Uma pesquisa recente sobre a corrida ao Senado em Santa Catarina revela um cenário marcado pela força de nomes ligados ao campo conservador. O levantamento aponta Caroline De Toni e Carlos Bolsonaro, ambos do PL, na dianteira das intenções de voto para as vagas em disputa no estado.
De Toni aparece na liderança com 56,4% das preferências, consolidando seu nome como um dos mais competitivos do pleito. Logo atrás surge Carlos Bolsonaro, com 49,2%, indicando forte penetração eleitoral mesmo fora de sua base original no Rio de Janeiro. O desempenho dos dois sinaliza que o eleitorado catarinense segue majoritariamente inclinado a candidaturas associadas à direita.
Na sequência, o ex-senador Esperidião Amin (PP) registra 33,2%, mantendo-se como um nome relevante e conhecido do eleitorado. Já Décio Lima (PT) soma 31,9%, demonstrando que a esquerda tem presença, mas enfrenta dificuldades para alcançar os líderes.
O deputado Gilson Marques (Novo) aparece com 10%, enquanto 13,8% dos entrevistados afirmaram não saber em quem votar. Outros 5,5% indicaram voto branco ou nulo, mostrando que ainda há espaço para movimentações ao longo do processo eleitoral.

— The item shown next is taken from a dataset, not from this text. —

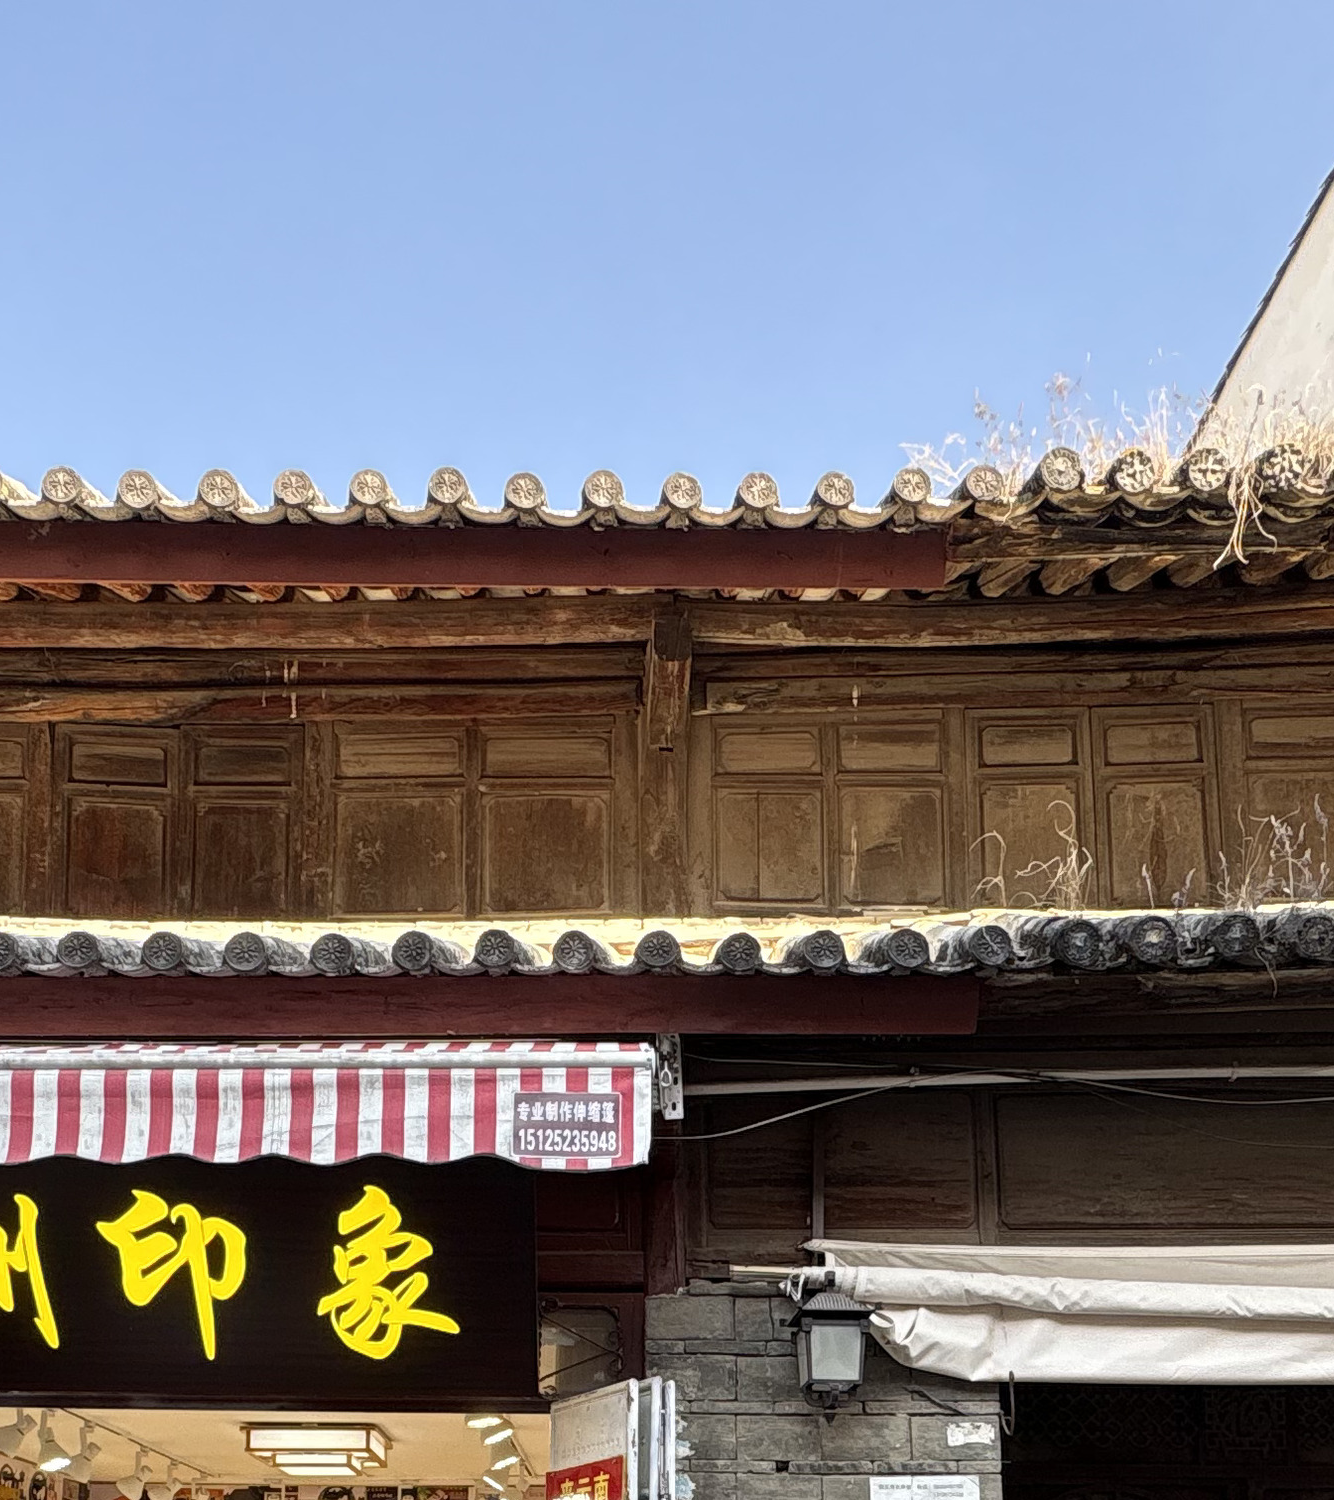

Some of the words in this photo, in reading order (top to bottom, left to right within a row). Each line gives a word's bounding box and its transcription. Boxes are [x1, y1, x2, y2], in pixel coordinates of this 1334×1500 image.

[517, 1101, 616, 1123] 专业制作伸缩篷
[518, 1128, 617, 1152] 15125235948

Os números reforçam a leitura de que Santa Catarina tende a manter um perfil político mais conservador na disputa majoritária, com vantagem clara para candidatos ligados ao PL. Ao mesmo tempo, a parcela de indecisos indica que o cenário ainda pode sofrer ajustes conforme as candidaturas se consolidem e a campanha avance.